Story told by: Mark Waid & Kev Walker
Colors by: Java Tartaglia
Lettered by: Cory Petit
Published by: Marvel Comics

A mysterious medical case creates a situation in which Stephen Strange’s two worlds must collide. This issue is where the comic earns the title "doctor" and the title "strange".

While at his day job as a supreme surgeon at McCarthy Medical Institute, Dr. Strange is given a patient who appears to be experiencing extreme aging. While the afflicted teen says he is only 19 he could easily pass for 90. This sickness turns out to have a supernatural origin and Dr. Strange journeys into another dimension to get to the bottom of this “disease”.
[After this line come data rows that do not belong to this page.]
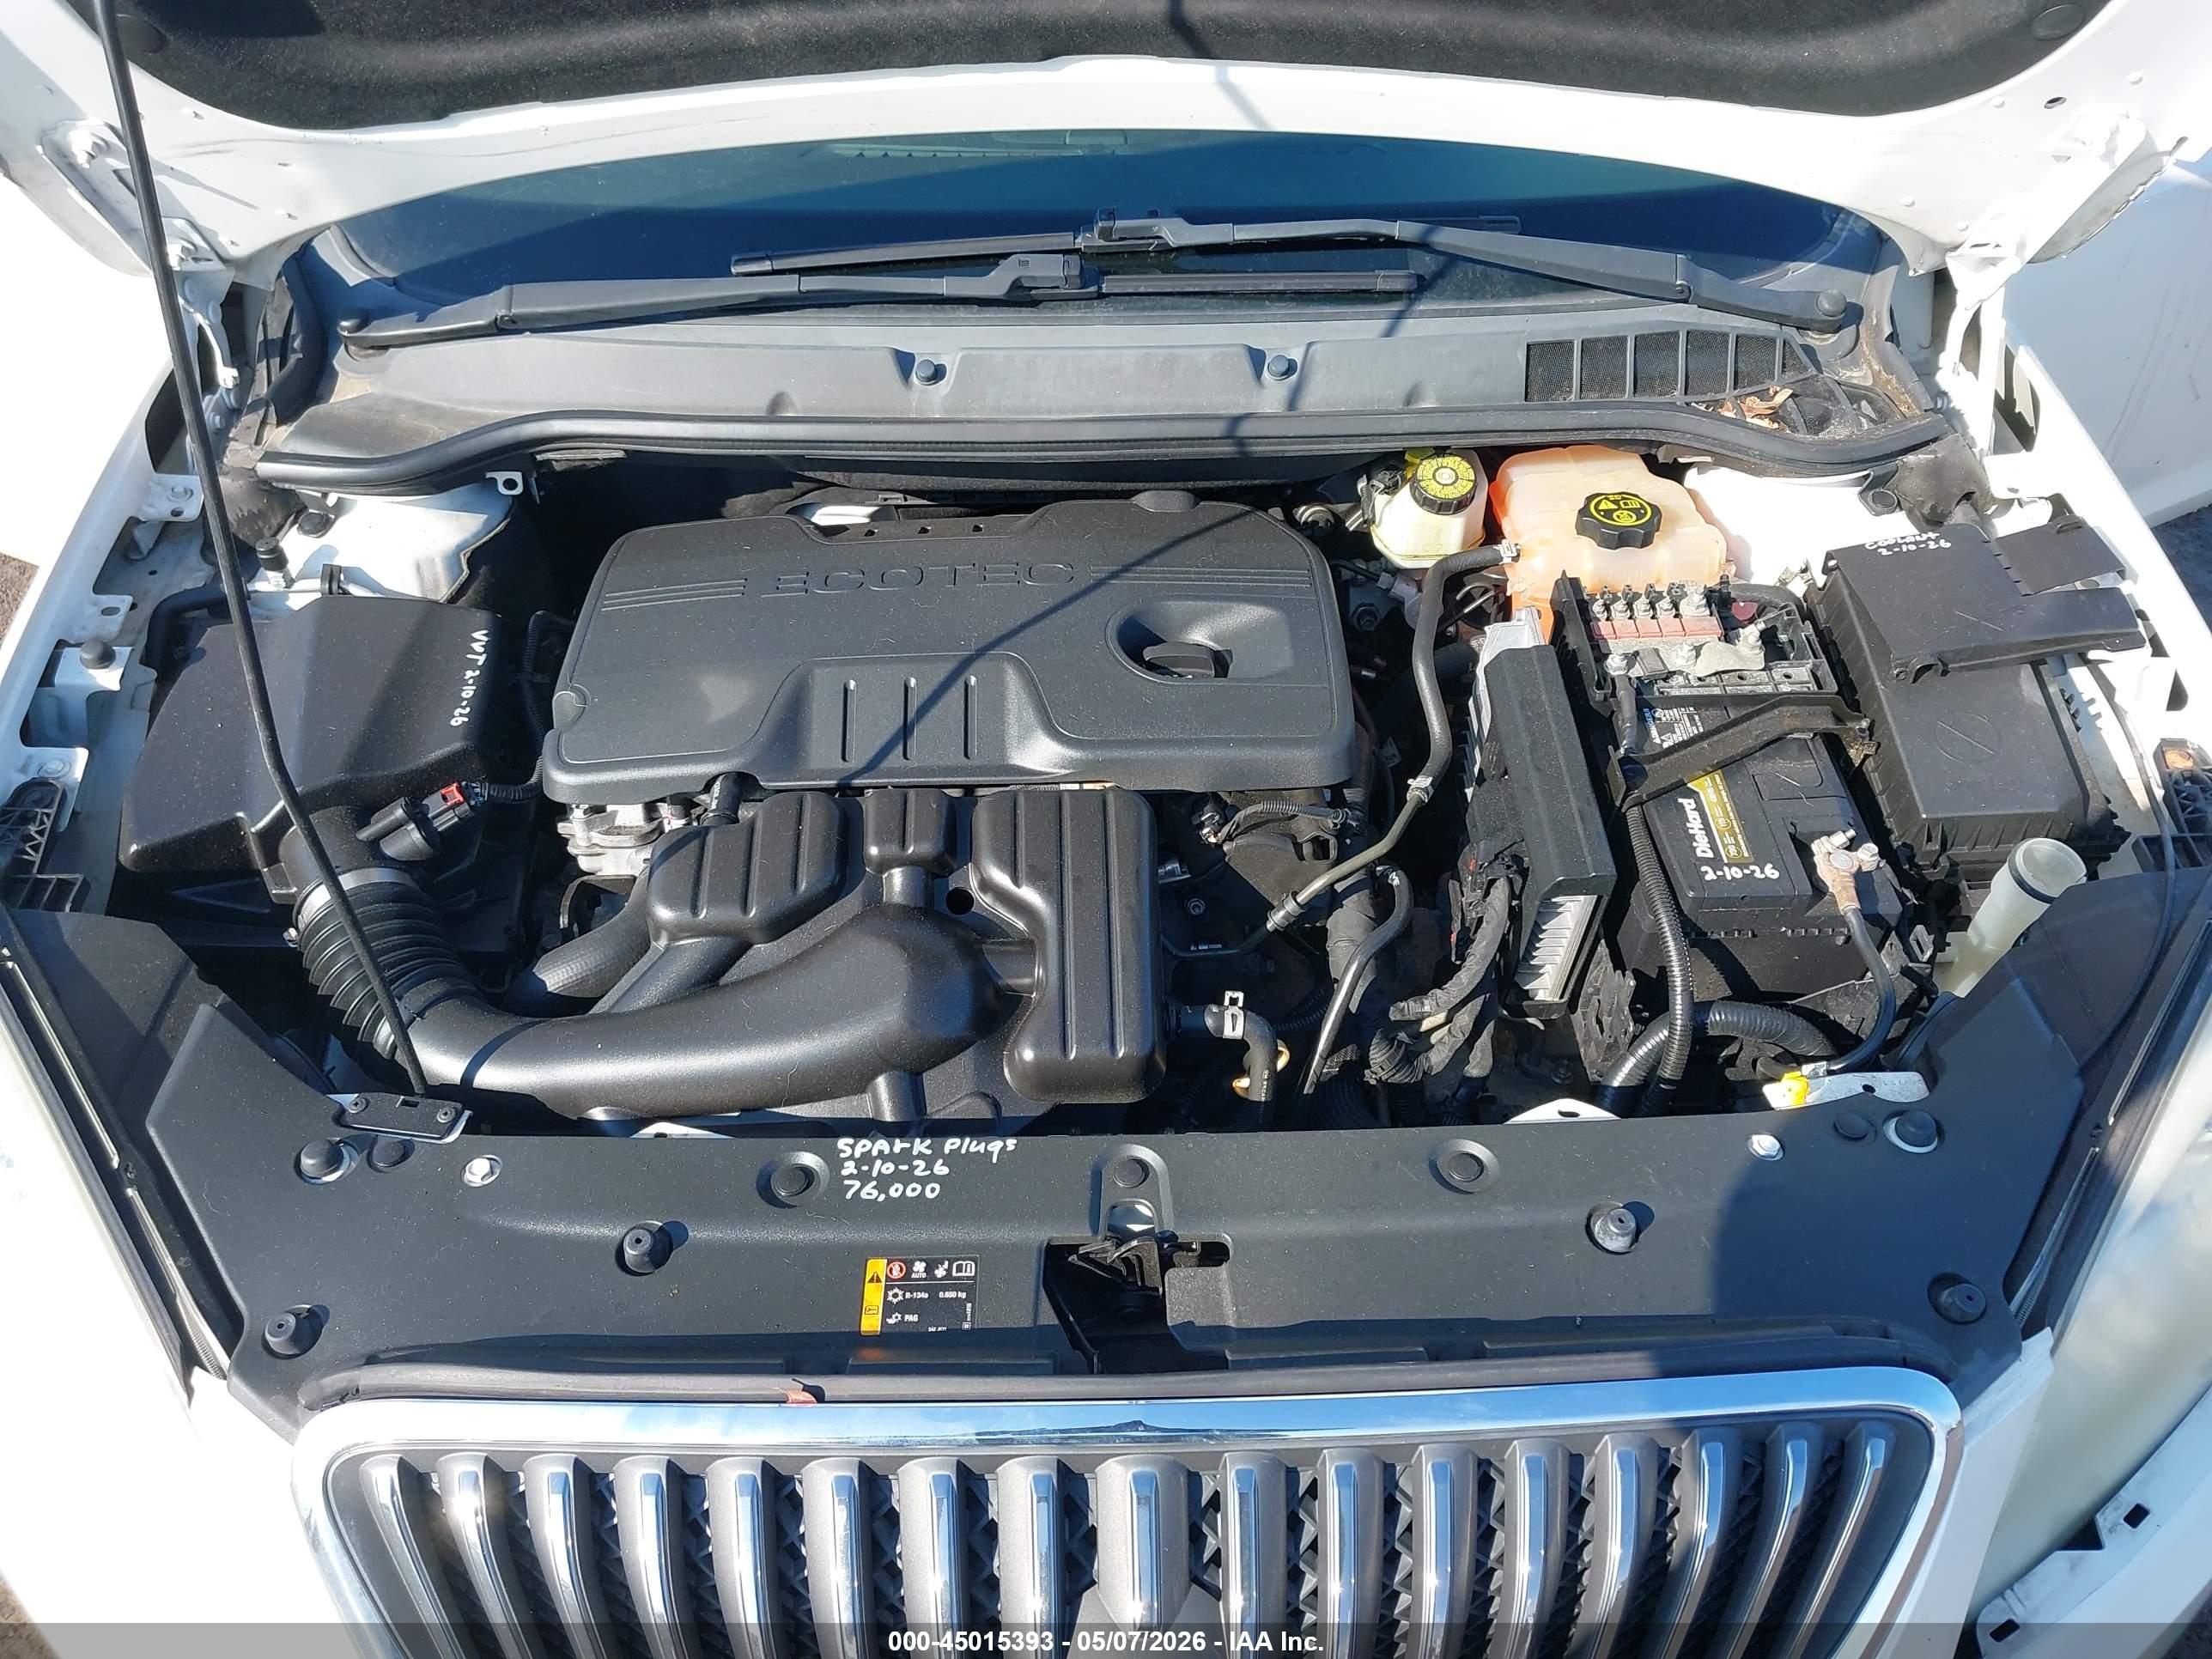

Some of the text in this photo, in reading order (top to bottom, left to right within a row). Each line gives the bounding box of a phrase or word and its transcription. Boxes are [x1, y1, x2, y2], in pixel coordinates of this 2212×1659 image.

[1877, 539, 1952, 556] 2-10-26
[761, 562, 1075, 597] ECOTEC
[1677, 798, 1715, 858] DieHard
[1701, 863, 1780, 880] 2-10-26
[841, 1158, 950, 1177] 2-10-26
[843, 1179, 941, 1202] 76,000
[957, 1291, 967, 1299] kg
[904, 1314, 919, 1322] PAG
This story not only felt classically Dr. Strange, but it felt classically comic book. This was such a great way to bridge the surgeon and sorcerer aspects of the character. It is also well-paced and fun throughout with a nice mix of mystery, action, and suspense. And, by the end of the issue, we see Strange use all the tools in his arsenal to come out on top. The task takes strength, skill, ingenuity, and mysticism, and makes Strange look truly heroic. And, the story isn’t just a one-off side quest. The event of this issue plays into the “main mystery” introduced in earlier issues. I was slightly surprised by how soon we were given some answers to that underlying mystery. But, with that bit of information revealed, it will now move the story along at a greater speed which seems to be seen on the cover for the next issue (hopefully it doesn’t spoil the twist too bad).
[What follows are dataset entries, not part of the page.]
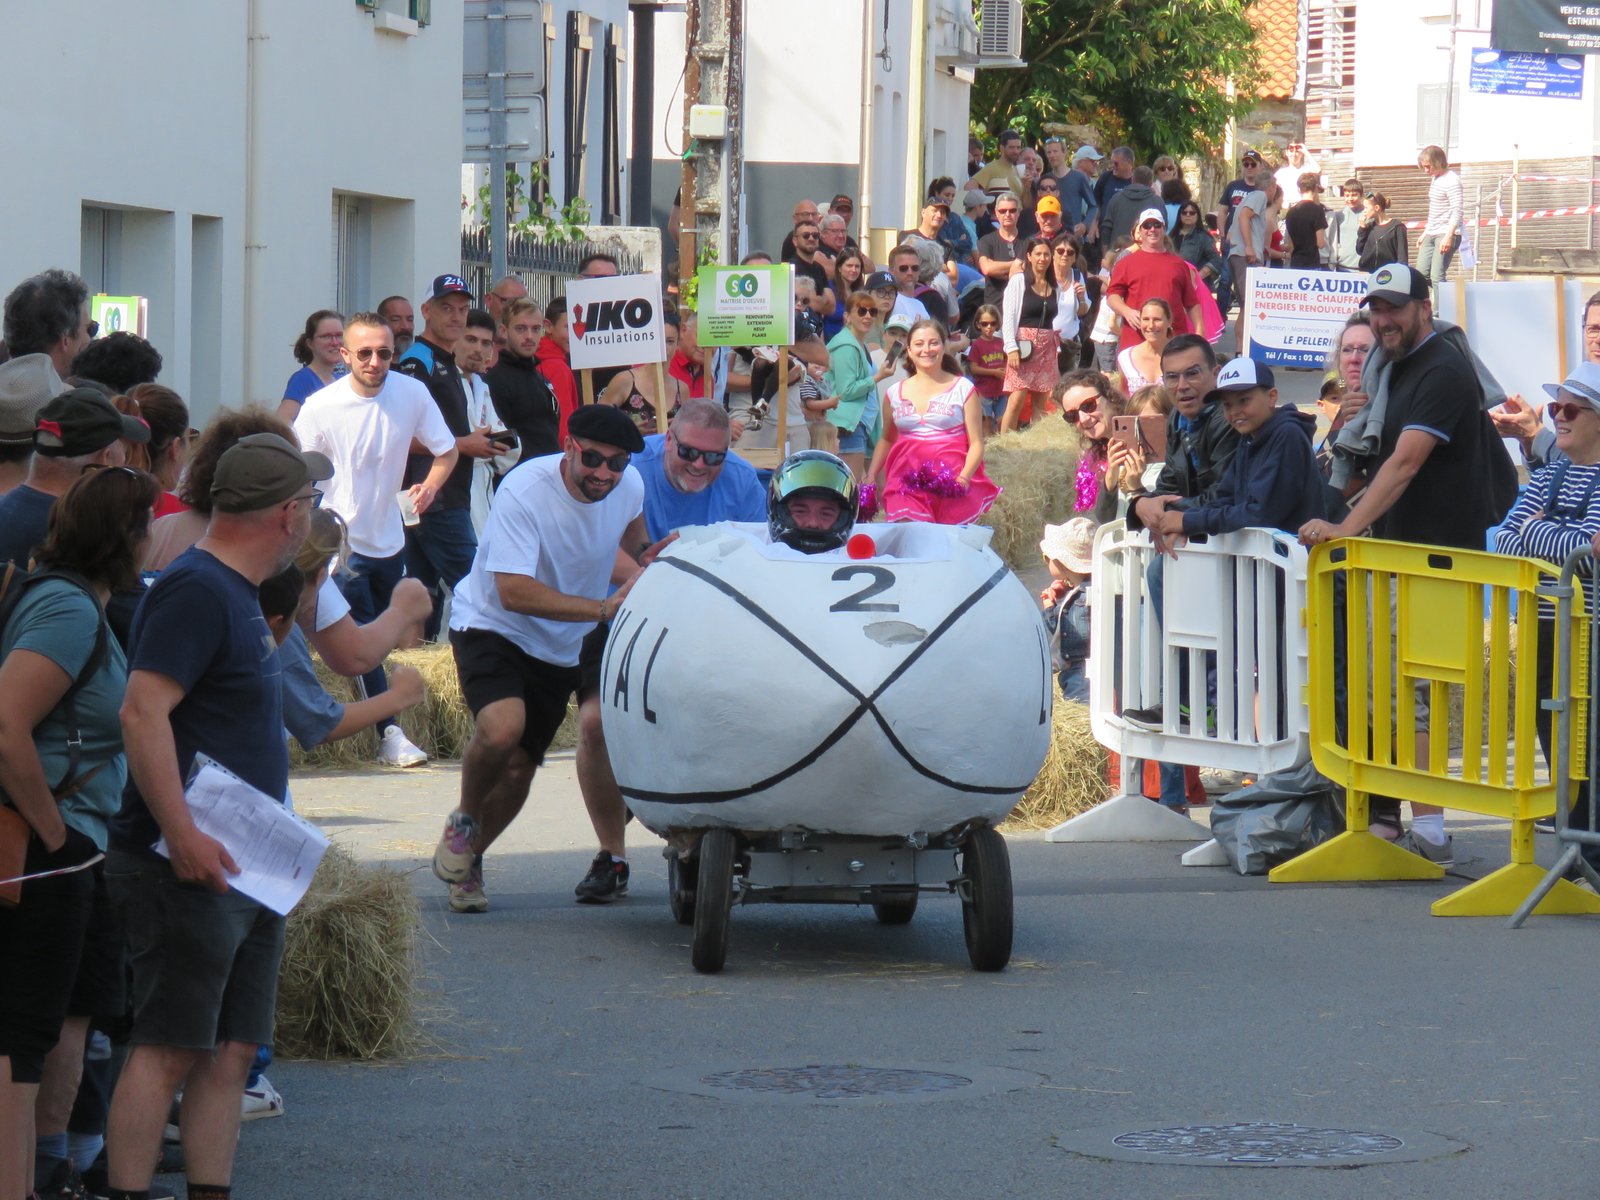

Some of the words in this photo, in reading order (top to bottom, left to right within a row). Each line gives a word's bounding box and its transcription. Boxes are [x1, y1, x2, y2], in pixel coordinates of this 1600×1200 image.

[1256, 281, 1293, 290] Laurent
[1255, 291, 1308, 301] PLOMBERIE
[1254, 302, 1297, 312] ENERGIES
[584, 298, 653, 332] IKO
[585, 330, 655, 346] Insulations
[1283, 336, 1293, 344] LE
[1303, 354, 1313, 362] 02
[1219, 369, 1241, 383] FILA
[829, 565, 900, 613] 2
The writing and story content left the doors wide open for the visuals to go crazy places and they didn’t disappoint. Even before the dimension-hopping, there were some striking visuals. The aging youngster in the hospital, the hospital ghoul, and the flashback of the “2d” man left me feeling uneasy (as were their goal). The coloring in those early scenes also helped establish the mood. Then, when Strange jumps into the “tattoo dimension”, we get some seriously trippy illustrations. The first landscape view with the cornucopia of weird drawings gave a real “over the rainbow” “departed from Kansas” effect. And, it was interesting that the world was one specifically of drawings, so the illustrations were meta. There were so many great touches to the art of the realm, but a highlight was the mermaid that suddenly spit forth eldritch like tentacles from her mouth. I was taken aback by that shot, which is a job well done. There were some seriously creepy looking things throughout this issue. The colors got to do some interesting things also. I particularly liked the use of yellow in the later scenes with the main villain. And, the climactic shot with the burst of colors that looked like a thermal sensor.

This was an issue that was simply fun to read. The adventure Dr. Strange goes through is exciting every (trippy) step of the way. And, Mark Waid knows what to sprinkle throughout to give it more substance than is noticeable at first glance. With this being just the third beat in this tale, it opens up what could come next.